Extracted data:
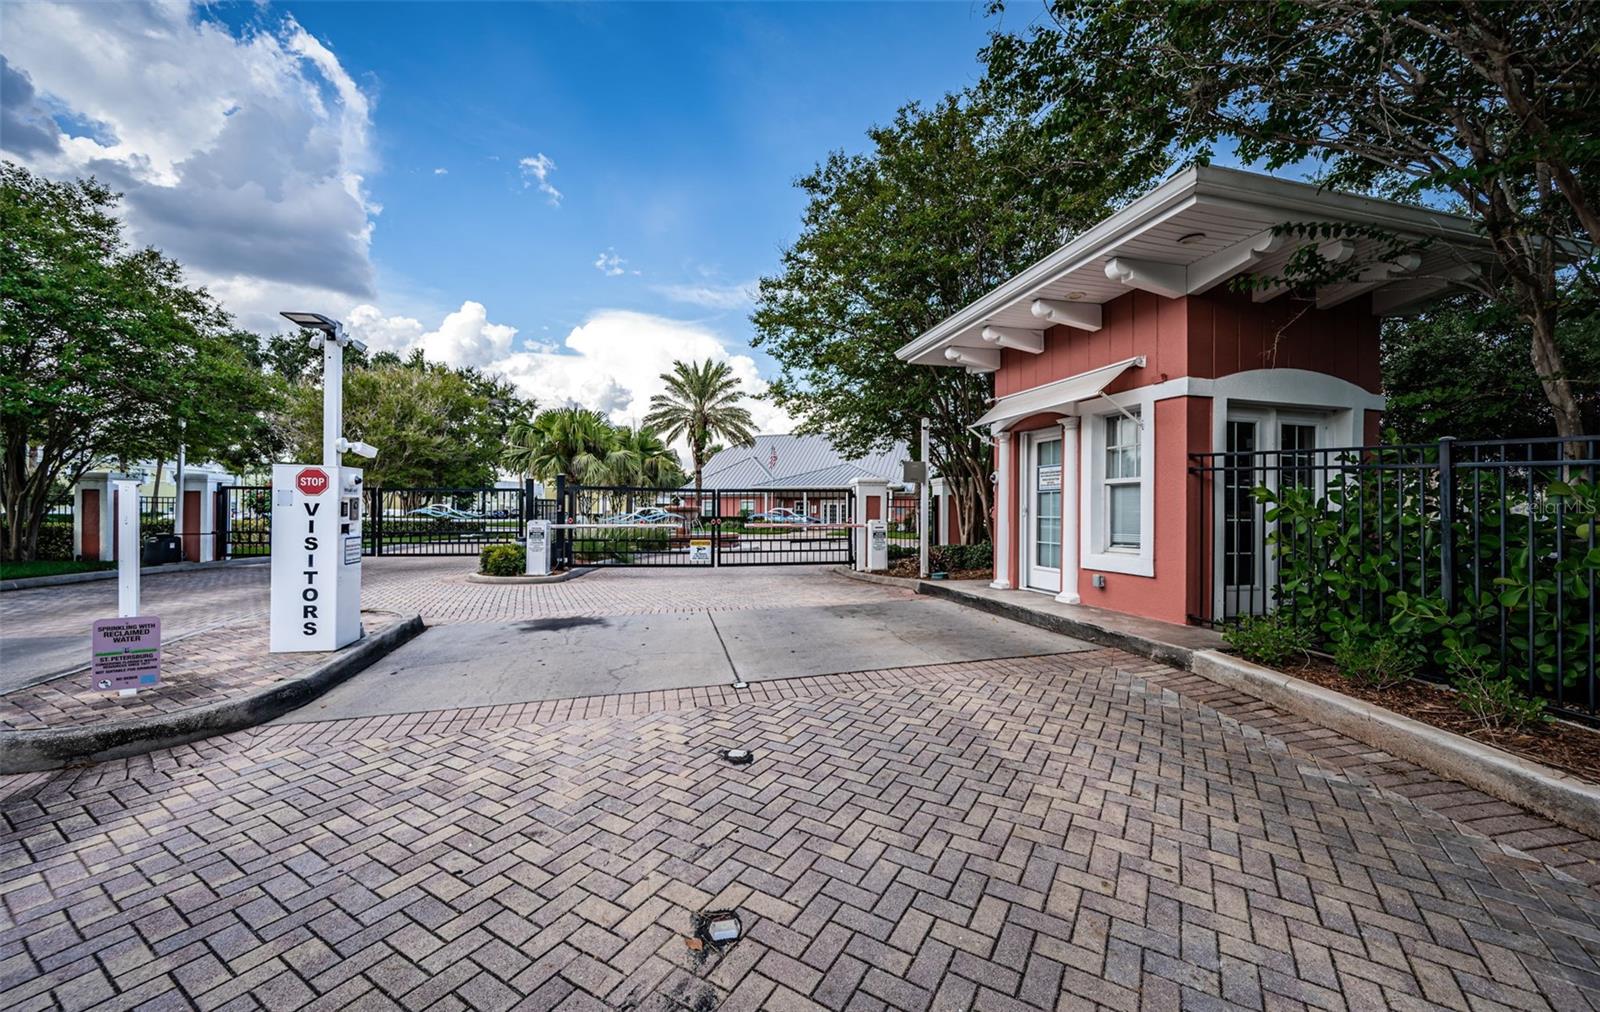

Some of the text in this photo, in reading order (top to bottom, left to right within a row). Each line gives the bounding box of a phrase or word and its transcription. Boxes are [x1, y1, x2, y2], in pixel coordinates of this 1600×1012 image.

[300, 477, 325, 487] STOP
[302, 503, 320, 636] VISITORS
[98, 624, 138, 632] SPRINKLING
[103, 629, 150, 638] RECLAIMED
[111, 653, 154, 661] PETERSBURG
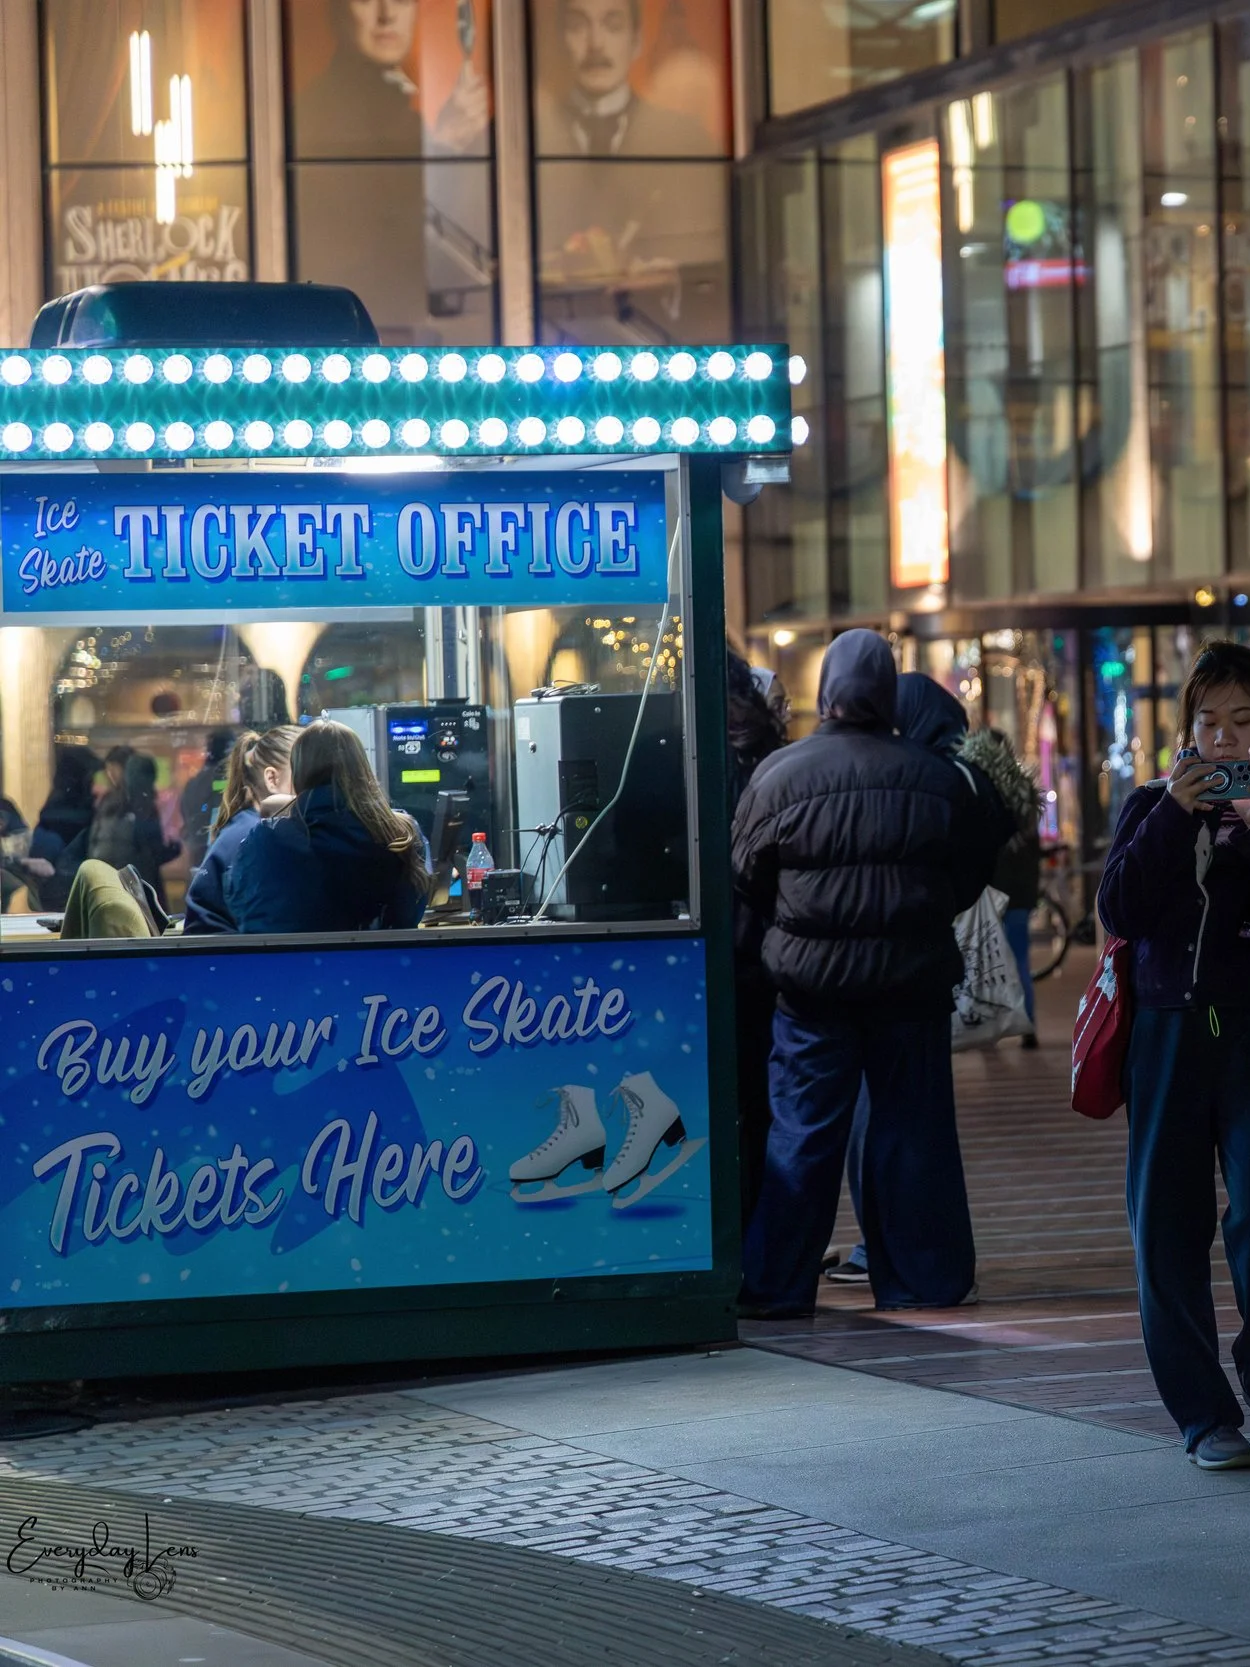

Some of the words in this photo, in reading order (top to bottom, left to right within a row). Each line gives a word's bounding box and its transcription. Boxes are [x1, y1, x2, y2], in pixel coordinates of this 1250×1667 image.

[33, 496, 80, 539] Ice
[113, 503, 370, 580] TICKET
[397, 501, 638, 577] OFFICE
[18, 545, 108, 595] Skate
[37, 1018, 175, 1104] Buy
[188, 1017, 334, 1099] your
[354, 994, 447, 1066] Ice
[461, 975, 632, 1054] Skate
[33, 1131, 285, 1255] Tickets
[302, 1110, 482, 1223] Here
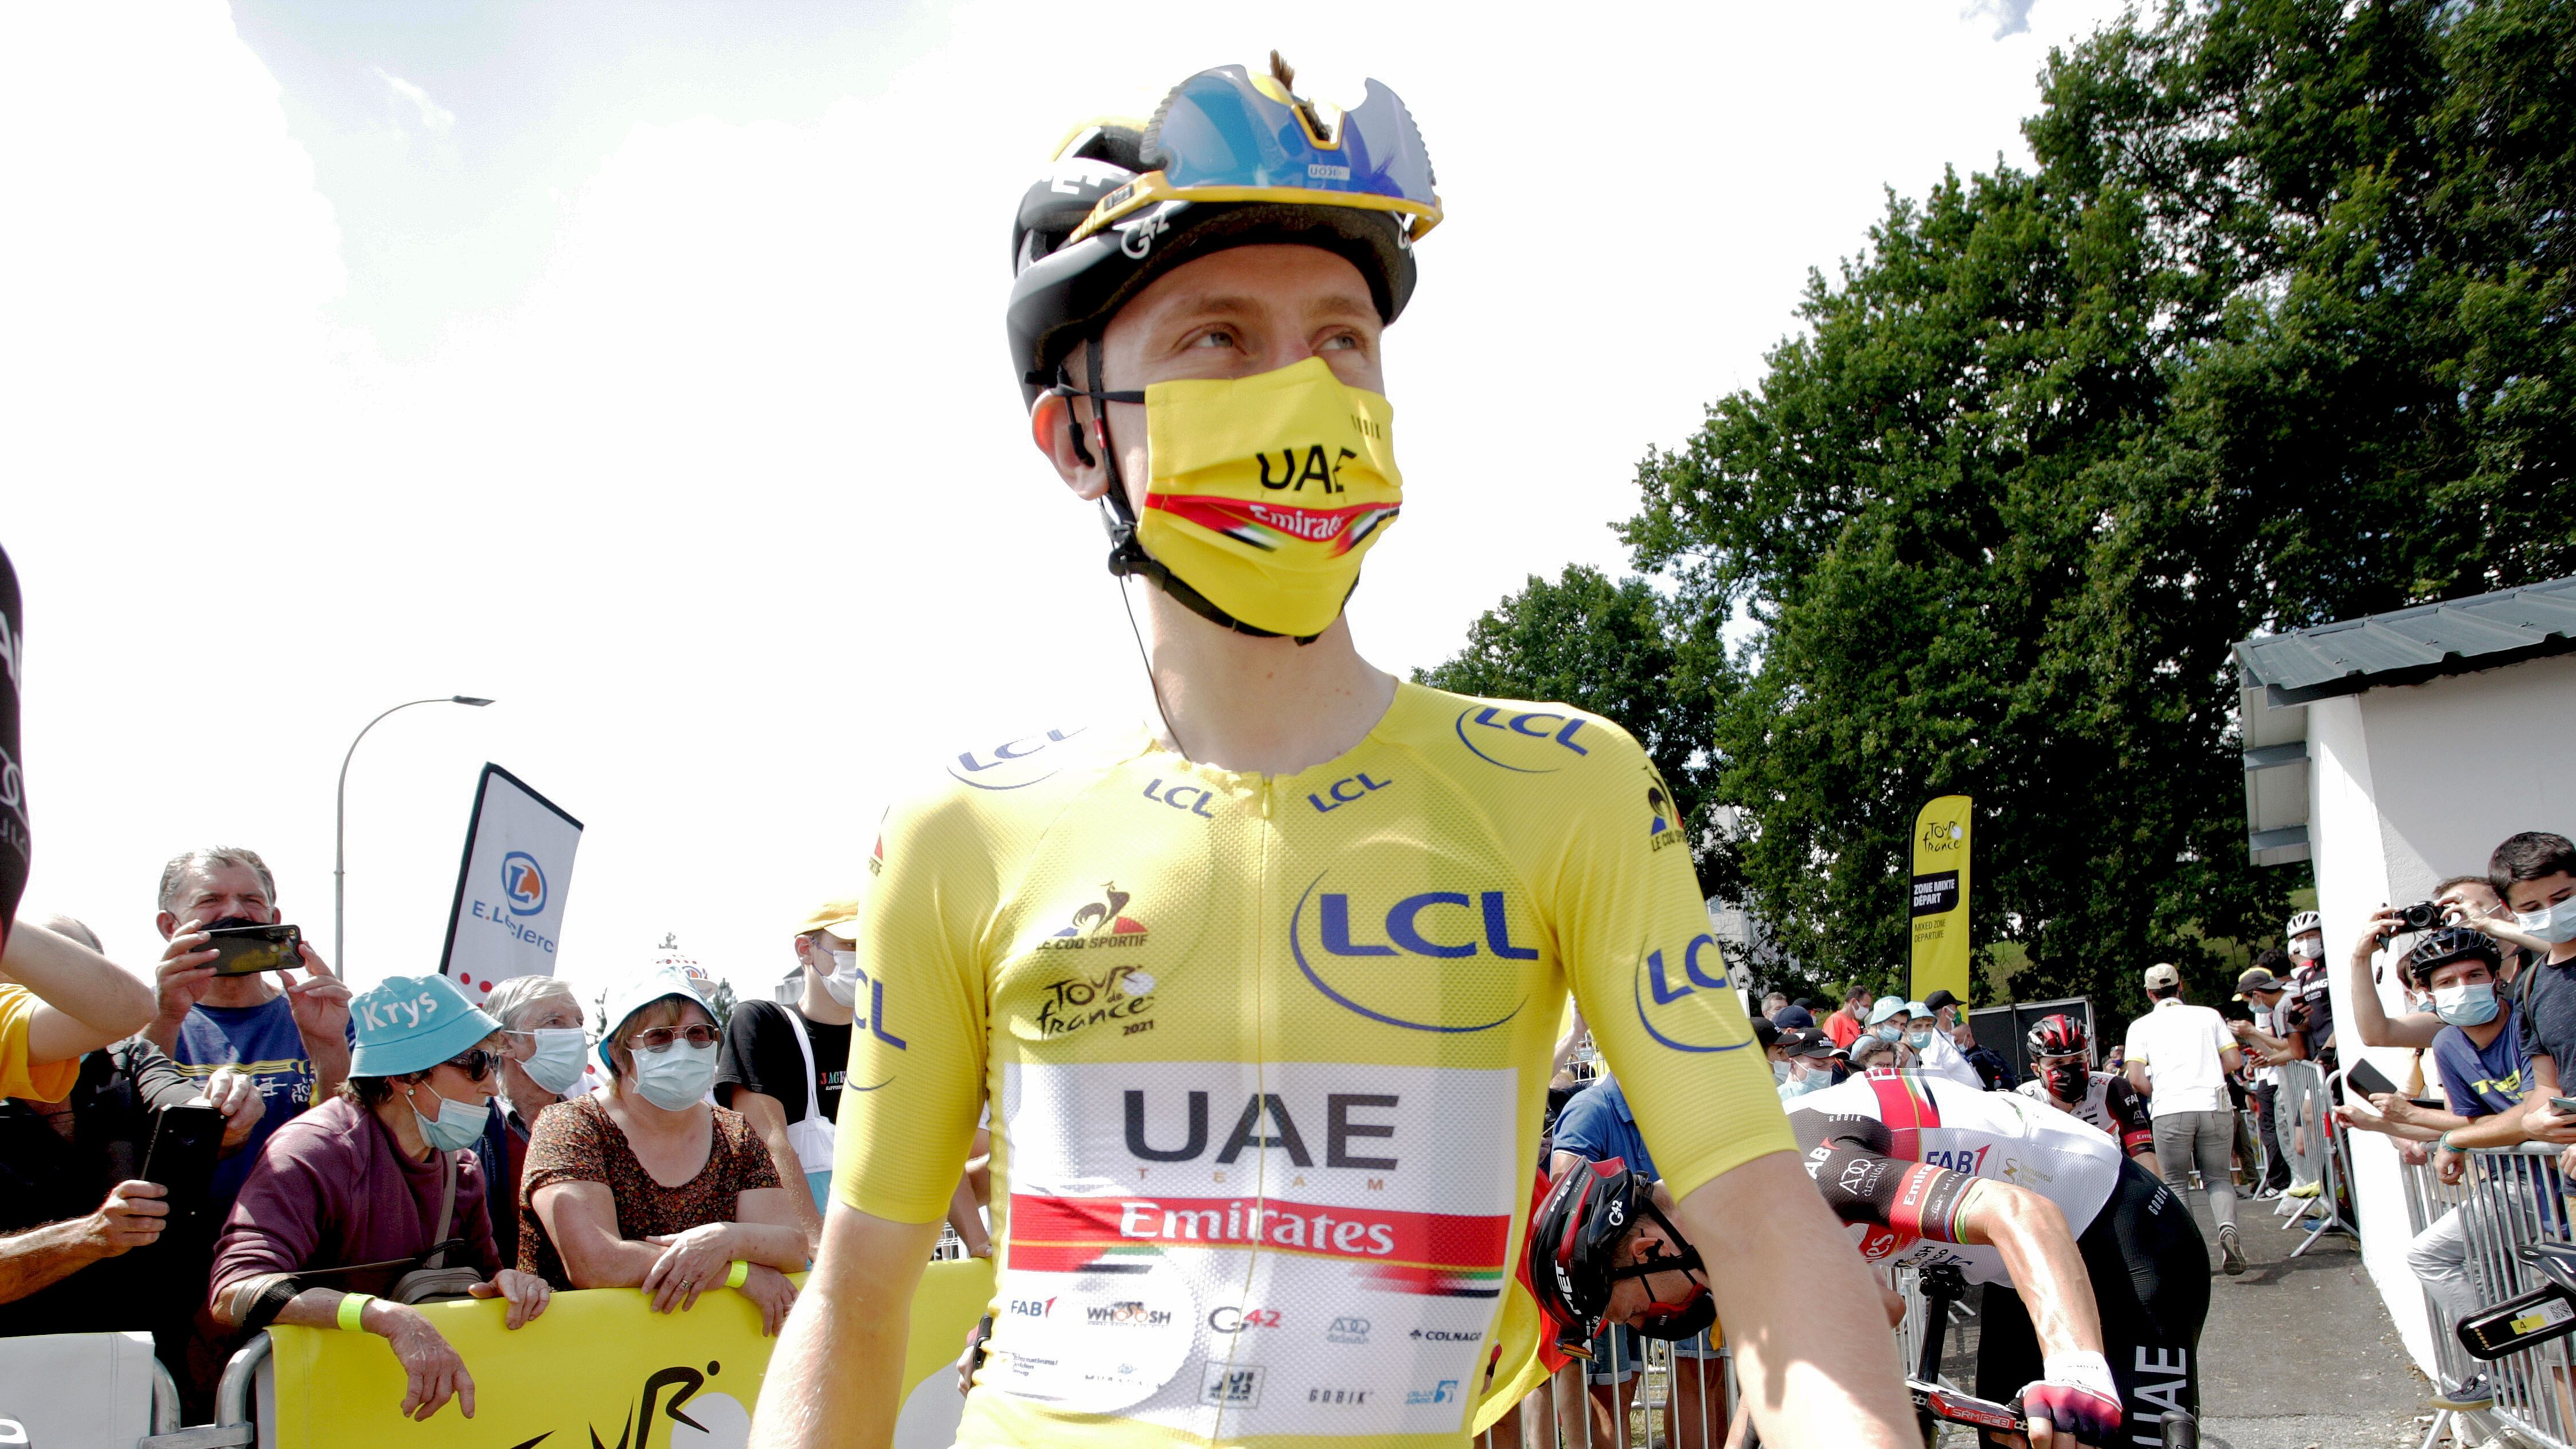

Problem:
The records above, minus their pictures, are to be returned verbatim.

Solution for this exercise:
Some of the text in this photo, in reading order (top to bottom, left to right within a row). Each line gives the bounding box of a phrase or word and its transcription. Boxes are [x1, y1, x2, y2], in pixel coordinates of this 1600×1012 image.

[300, 477, 325, 487] STOP
[302, 503, 320, 636] VISITORS
[98, 624, 138, 632] SPRINKLING
[103, 629, 150, 638] RECLAIMED
[111, 653, 154, 661] PETERSBURG

Some of the words in this photo, in reading order (top to bottom, left to right within a row). Each line gives a word's bounding box and its transcription. Boxes are [x1, y1, x2, y2], in pixel coordinates of this 1250×1667 image.

[33, 496, 80, 539] Ice
[113, 503, 370, 580] TICKET
[397, 501, 638, 577] OFFICE
[18, 545, 108, 595] Skate
[37, 1018, 175, 1104] Buy
[188, 1017, 334, 1099] your
[354, 994, 447, 1066] Ice
[461, 975, 632, 1054] Skate
[33, 1131, 285, 1255] Tickets
[302, 1110, 482, 1223] Here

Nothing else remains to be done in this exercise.